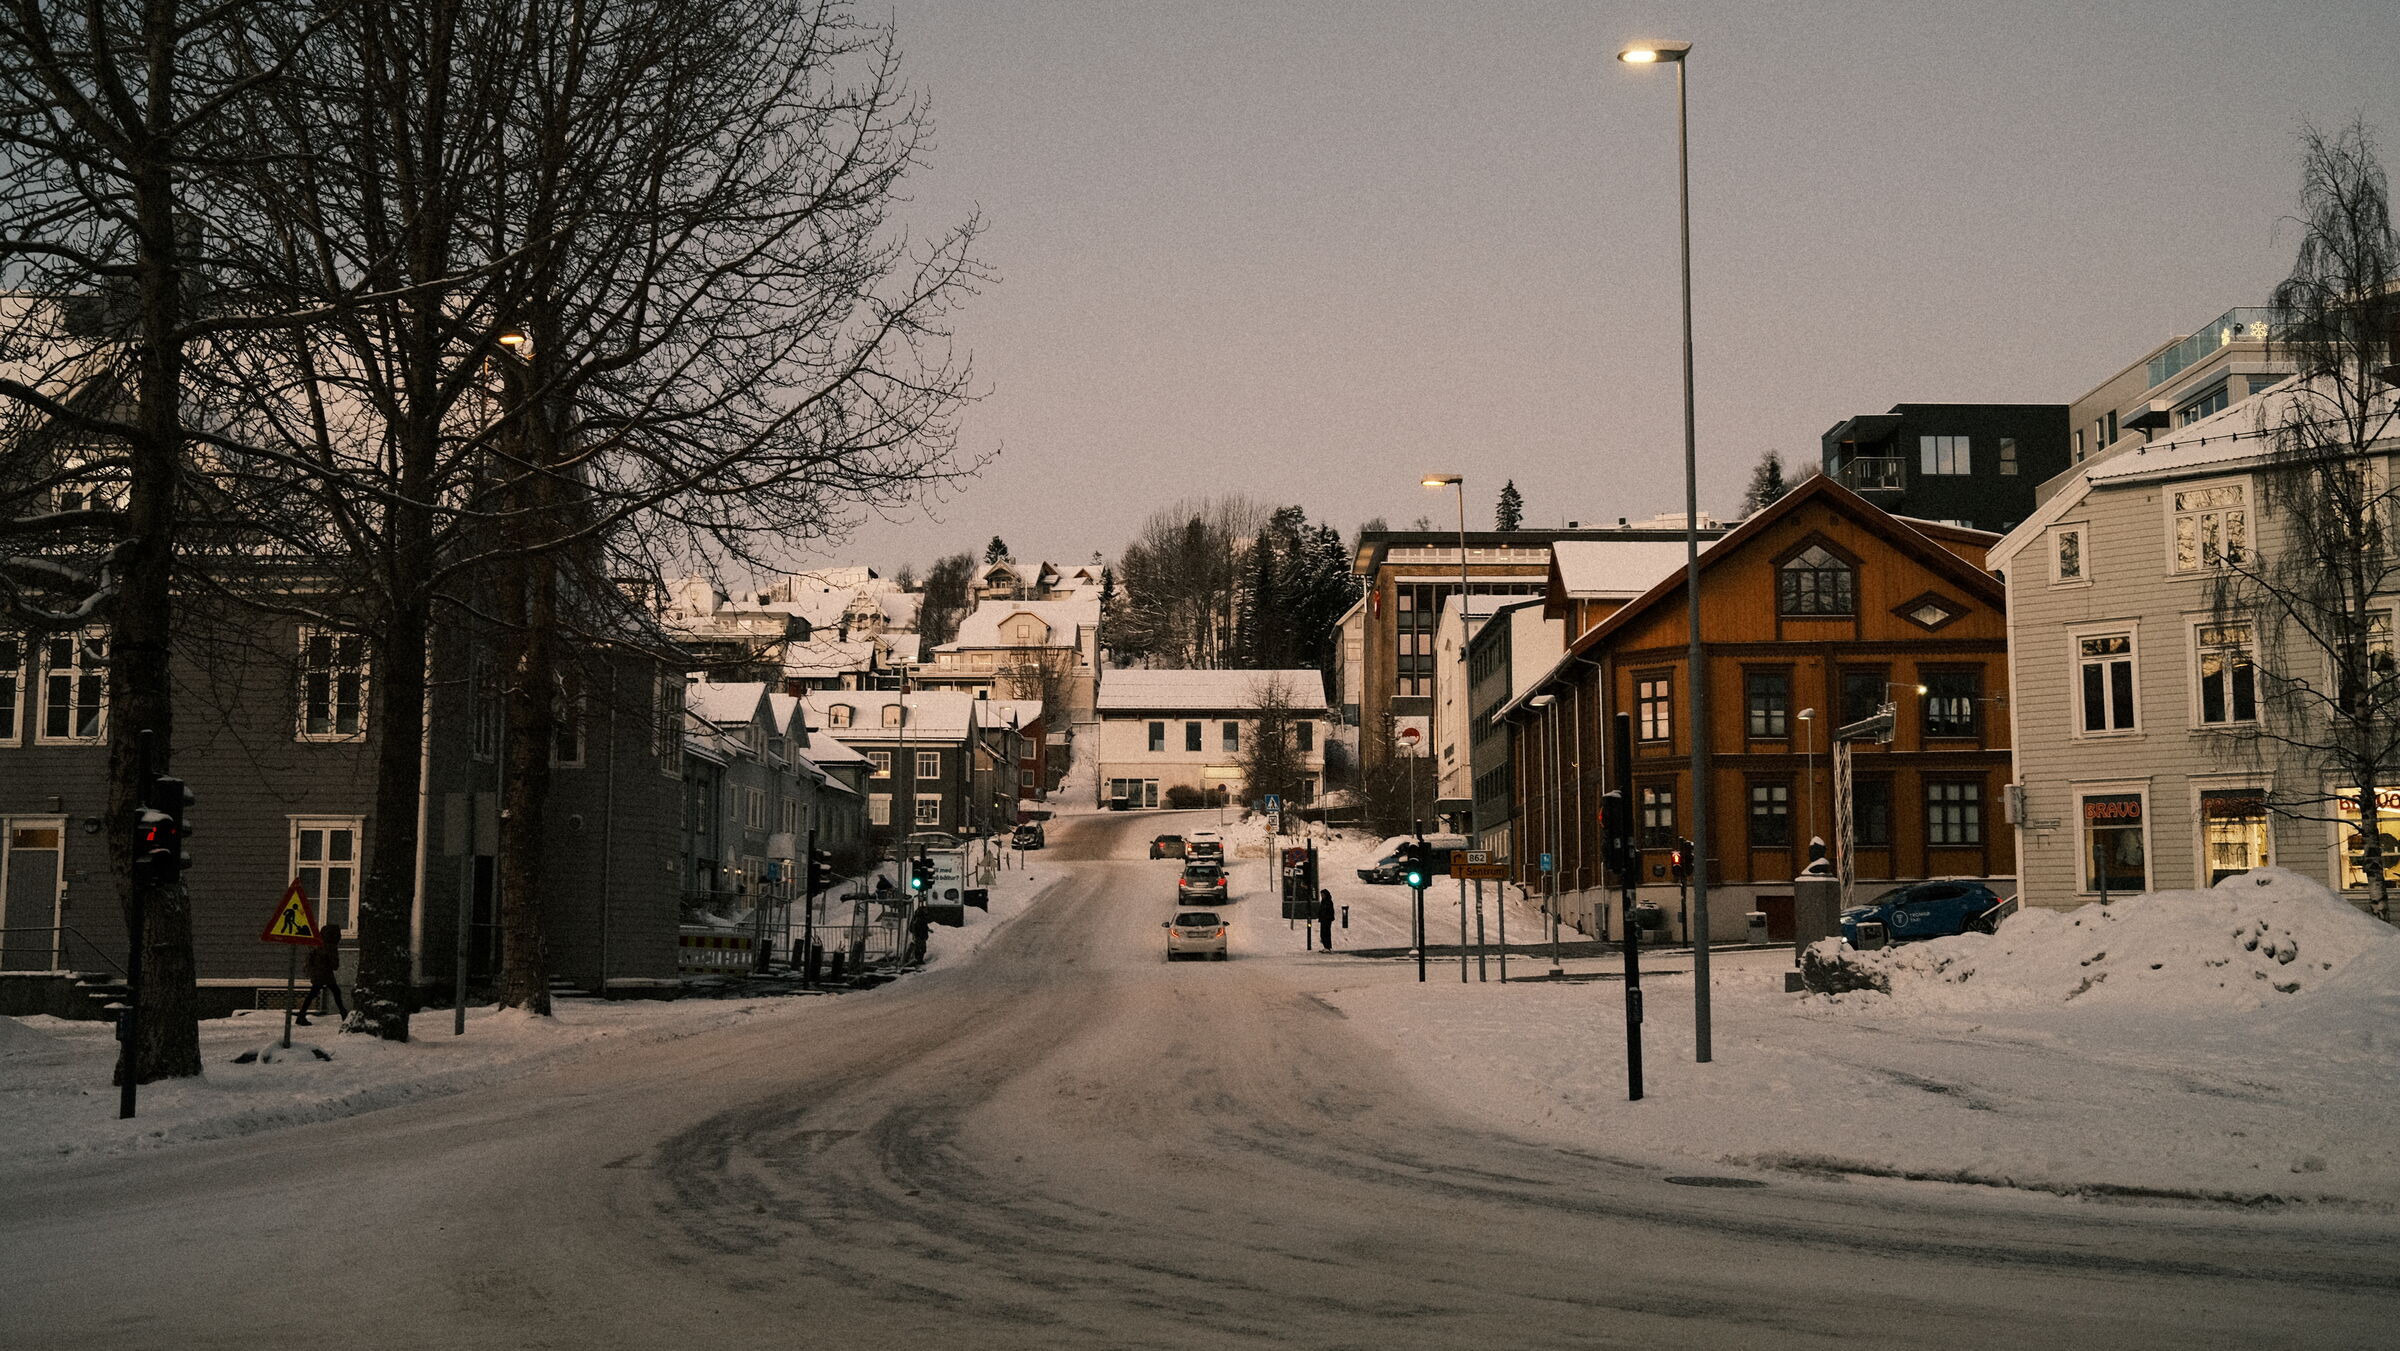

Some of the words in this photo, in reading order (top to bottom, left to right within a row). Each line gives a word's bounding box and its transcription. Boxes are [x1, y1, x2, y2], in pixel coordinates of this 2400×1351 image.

[2084, 801, 2142, 819] BRAVO
[1469, 854, 1485, 862] 862
[1466, 867, 1504, 876] Sentrum
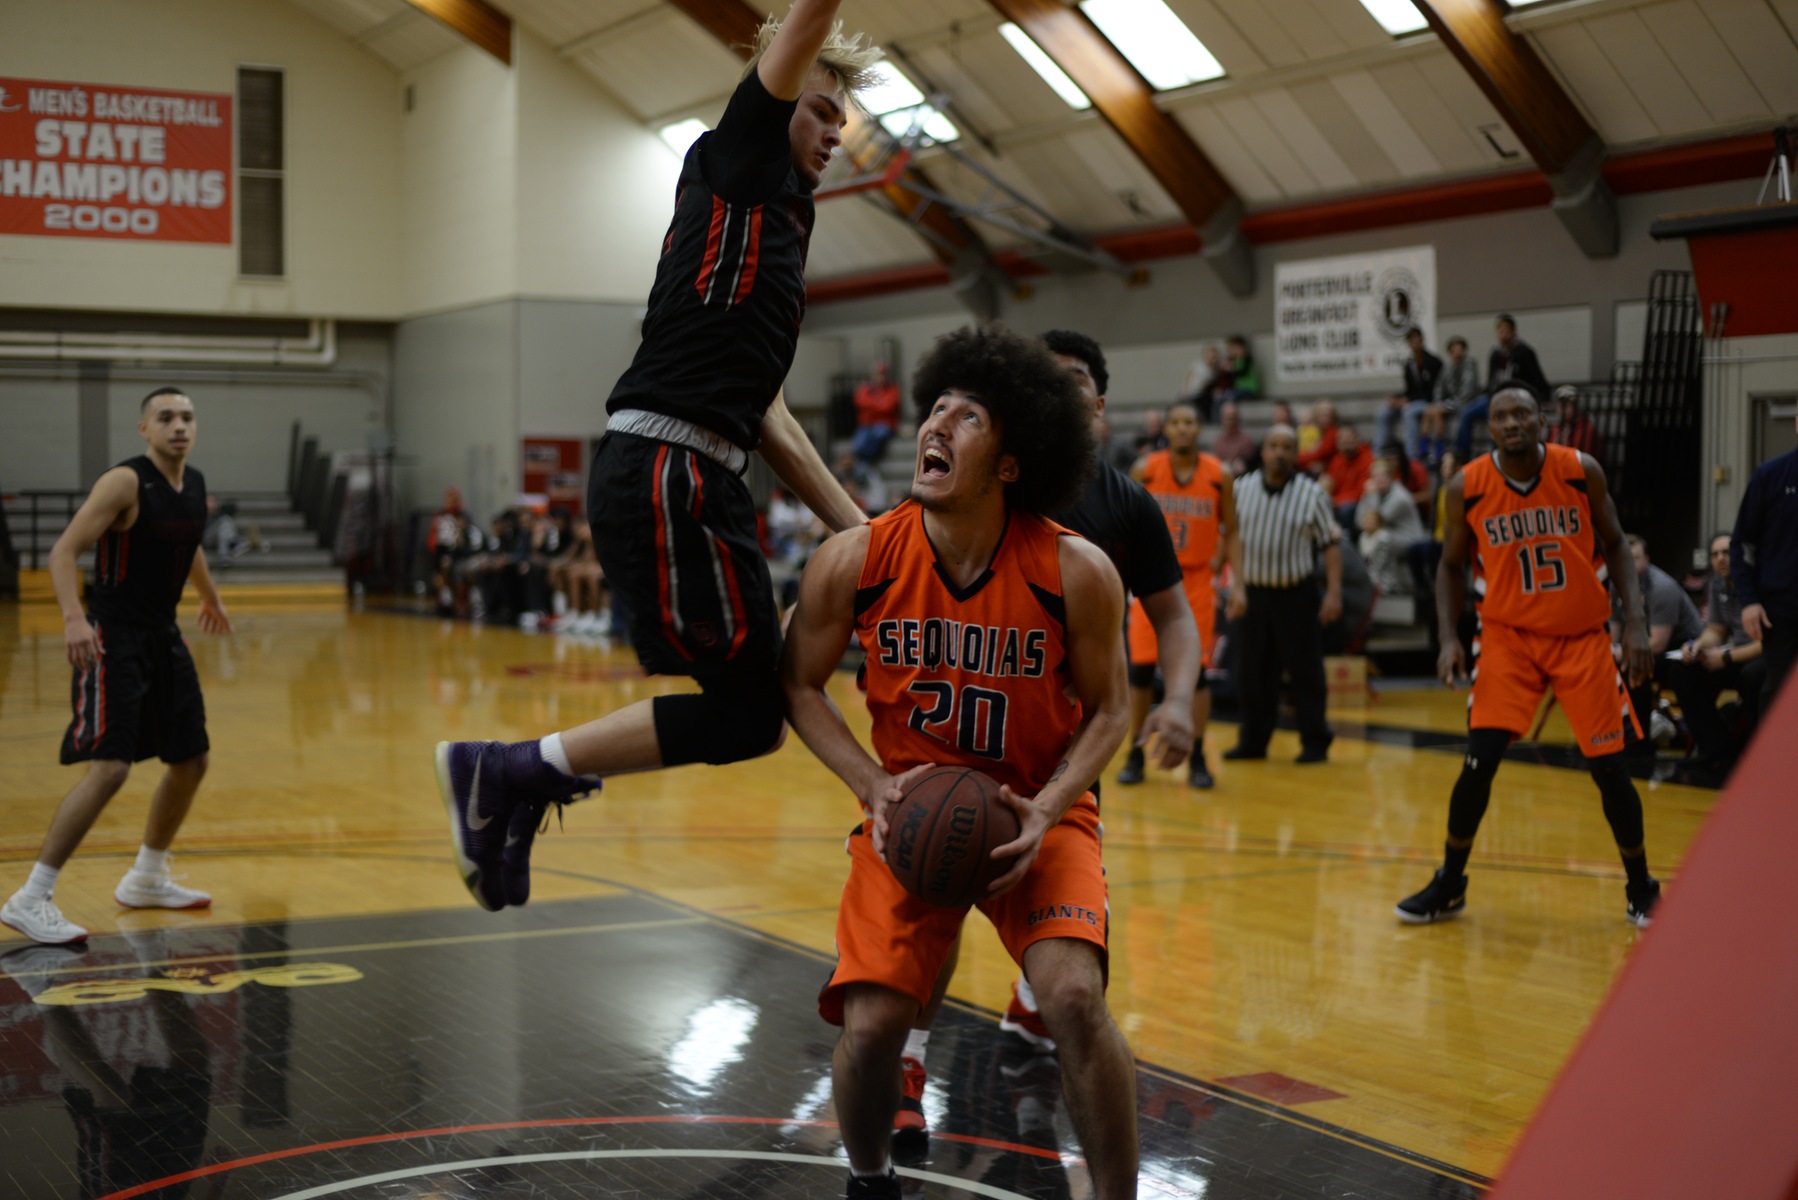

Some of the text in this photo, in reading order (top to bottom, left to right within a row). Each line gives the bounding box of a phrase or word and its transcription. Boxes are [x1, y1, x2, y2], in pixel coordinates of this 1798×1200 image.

[28, 87, 88, 117] MEN'S
[93, 92, 222, 127] BASKETBALL
[35, 118, 166, 163] STATE
[0, 159, 226, 209] HAMPIONS
[43, 203, 159, 234] 2000
[1483, 505, 1581, 546] SEQUOIAS
[1517, 541, 1566, 594] 15
[877, 617, 1047, 678] SEQUOIAS
[907, 680, 1008, 761] 20
[930, 804, 978, 893] Wilson
[1028, 904, 1098, 926] GIANTS

Problem statement
Copy the lines from the one with "Some of the text" through the last line of the material above, exactly as they are and with no others.

Final answer
Some of the text in this photo, in reading order (top to bottom, left to right within a row). Each line gives the bounding box of a phrase or word and its transcription. Boxes are [x1, y1, x2, y2], in pixel coordinates of this 1798×1200 image.

[28, 87, 88, 117] MEN'S
[93, 92, 222, 127] BASKETBALL
[35, 118, 166, 163] STATE
[0, 159, 226, 209] HAMPIONS
[43, 203, 159, 234] 2000
[1483, 505, 1581, 546] SEQUOIAS
[1517, 541, 1566, 594] 15
[877, 617, 1047, 678] SEQUOIAS
[907, 680, 1008, 761] 20
[930, 804, 978, 893] Wilson
[1028, 904, 1098, 926] GIANTS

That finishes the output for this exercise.